The crucial role of protein phosphorylation

Protein phosphorylation is an impo­rtant cellular regulatory mechanism as many enzymes and receptors are activated/deactivated by phosphorylation and dephosphorylation events, by means of kinases and phosph­atases. In particular, the protein kinases are responsible for cellular transduction signaling and their hyperactivity, malfunction or overexpression can be found in several diseases, mostly tumors.

Therefore, it is evident that the use of kinase inhibitors can be valuable for the treatment of cancer. In this review, we discuss the mechanism of action of phosphorylation, with particular attention to the importance of phosphorylation under physiological and pathological conditions. We also discuss the possibility of using kinase inhibitors in the treatment of tumors.

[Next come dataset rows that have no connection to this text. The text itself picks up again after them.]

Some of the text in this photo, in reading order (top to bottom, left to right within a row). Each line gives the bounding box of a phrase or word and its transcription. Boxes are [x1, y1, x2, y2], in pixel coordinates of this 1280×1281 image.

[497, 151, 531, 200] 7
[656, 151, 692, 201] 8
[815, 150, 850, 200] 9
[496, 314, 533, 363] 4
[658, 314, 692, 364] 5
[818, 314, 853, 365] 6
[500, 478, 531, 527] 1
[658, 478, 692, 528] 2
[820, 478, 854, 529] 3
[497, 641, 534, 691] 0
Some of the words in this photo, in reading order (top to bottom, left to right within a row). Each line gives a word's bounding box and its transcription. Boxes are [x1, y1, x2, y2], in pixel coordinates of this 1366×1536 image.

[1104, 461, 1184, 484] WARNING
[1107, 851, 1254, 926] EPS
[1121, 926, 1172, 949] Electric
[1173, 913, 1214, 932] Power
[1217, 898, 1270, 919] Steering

Protein phosphorylation is one of the most common and important post-translational modifications (PTMs). This reversible mechanism occurs through protein kinases and consists of the addition of a phosphate group (PO4) to the polar group R of various amino acids.

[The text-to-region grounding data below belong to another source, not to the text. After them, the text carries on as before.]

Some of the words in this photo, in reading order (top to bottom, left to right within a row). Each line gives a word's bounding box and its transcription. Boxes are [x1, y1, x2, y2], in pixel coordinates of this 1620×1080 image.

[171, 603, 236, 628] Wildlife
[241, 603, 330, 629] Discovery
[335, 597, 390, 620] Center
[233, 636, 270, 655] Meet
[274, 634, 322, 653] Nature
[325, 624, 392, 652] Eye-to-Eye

Consequently, this addition modifies the protein from hydrophobic apolar to hydrophilic polar, allowing the protein to change conformation when interacting with other molecules. A phosphorylated amino acid can bind molecules able to interact with other proteins and consequently assemble and detach proteic complexes.


The interactive capacity of the phosphate group is mainly due to its components. One of its main elements is phosphorus. It has five outer electrons able to form a maximum of five covalent bonds, has three pKas, high water solubility and it can form, for its versatility, mono, di and trialkyl and aryl esters with hydroxyl groups, but also acid anhydrides.

In particular, many cellular phosphate esters are phosphoproteins that form, via a catalytic enzyme and adenosine triphosphate (ATP), a phosphate anhydride, acting as a donor of a phosphate group.

More than one-third of the protein phosphorylation events occurs on serine (Ser or S), threonine (Thr or T), and tyrosine residues (Tyr or Y) (O-phosphorylation). In particular, the phosphorylated residues of serine are 86.4%, followed by residues of threonine 11.8% whereas only 1.8% of tyrosine residues are phosphorylated.

Tyrosine phosphorylation is relatively rare compared to the other PTMs and is typical of the epidermal growth factor receptor (EGFR) family, which owns a domain called, precisely, tyrosine kinase. Sometimes, phosphorylation of histidine (His or H) and aspartate residues (Asp or D) (N-phosphorylation) also occurs, but, in both cases, this phosphorylation is less stable than others.